Finding Biotech Stocks to Buy -- Look for Takeover Targets
One of the very best ways to profit from the biotech sector right now is to buy companies that are likely targets for acquisition. Many of the big pharmaceutical companies are in a precarious position right now. They've cut costs as far as they can and many of their blockbuster drugs are going to go off patent in the next three years. The next logical step in big pharma's search for growth is to start going after biotechs with a drug or two in the pipeline. Plus, as companies start to feel more confident in the new, more corporate-friendly environment in Washington, merger and acquisition activity is sure to pick up. I've got two biotech companies in particular that are both candidates for acquisition and just plain good buys right now.
Biotech Stock #1: Shire
The first stock I want to tell you about is Shire ( SHPGY). I think it's almost a foregone conclusion that Shire, even with a $13 billion market cap, will eventually go to the highest bidder. But even if this acquisition doesn't come to fruition soon, Shire has other factors going for it that make it an appealing buy now.
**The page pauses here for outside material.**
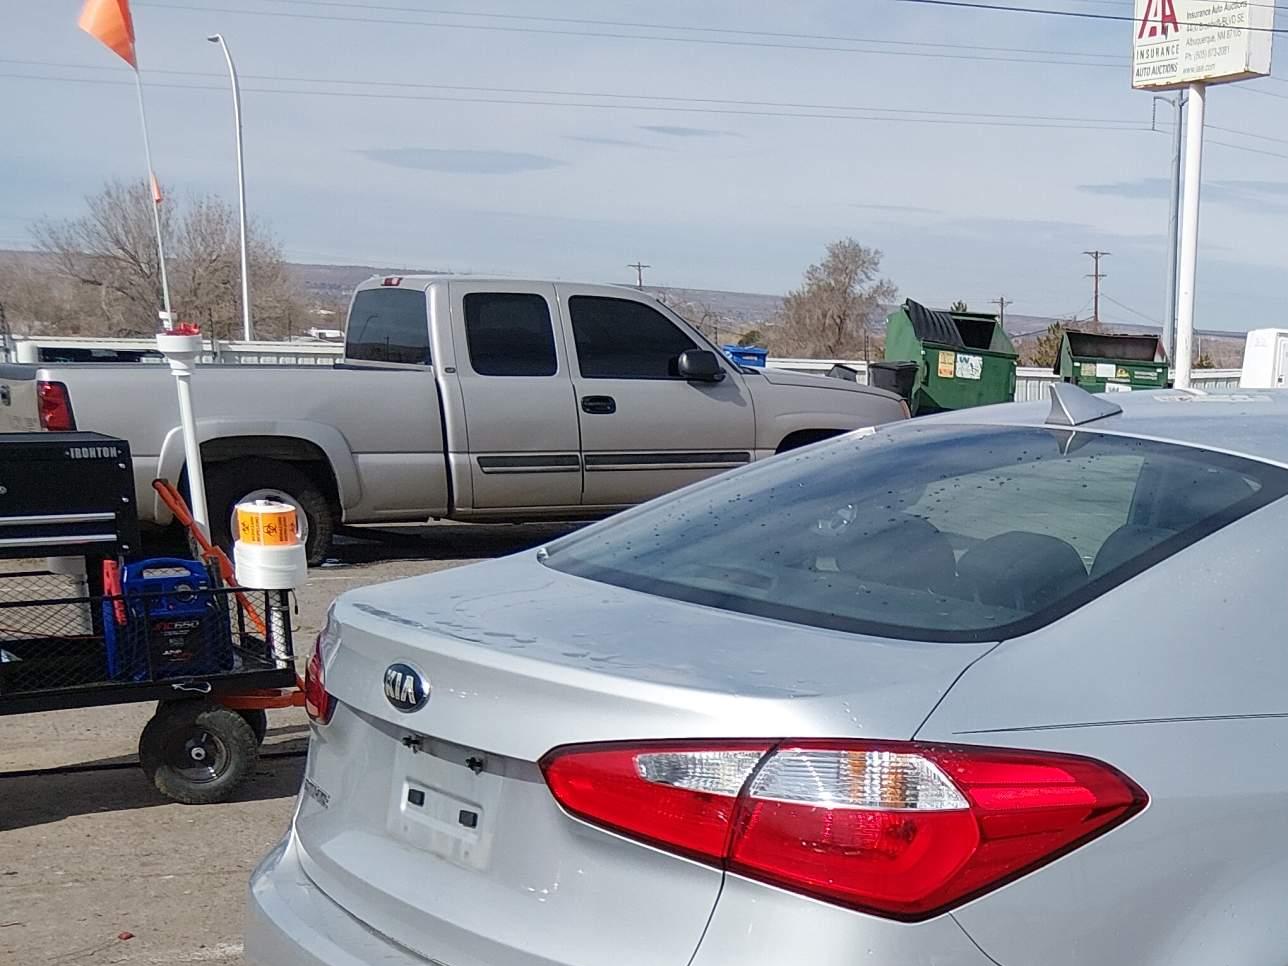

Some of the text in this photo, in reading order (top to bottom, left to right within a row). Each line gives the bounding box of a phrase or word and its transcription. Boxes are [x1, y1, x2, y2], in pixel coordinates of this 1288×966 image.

[1137, 44, 1180, 60] INSURANCE
[1136, 64, 1178, 77] AUTO AUCTIONS
[70, 447, 117, 459] IRONTON
[385, 669, 416, 705] KIA
Shire is a biopharmaceutical company based in Ireland, but U.S. investors can own shares by buying the American Depositary Receipts (ADRs). The company has two key business segments: best-in-class ADHD medications and "orphan drugs." These are drugs that treat diseases affecting fewer than 200,000 people, and the U.S. Orphan Drug Act of 1983 provides incentives to encourage development of these treatments that might otherwise be skipped over because of the relatively small number of patients who would benefit.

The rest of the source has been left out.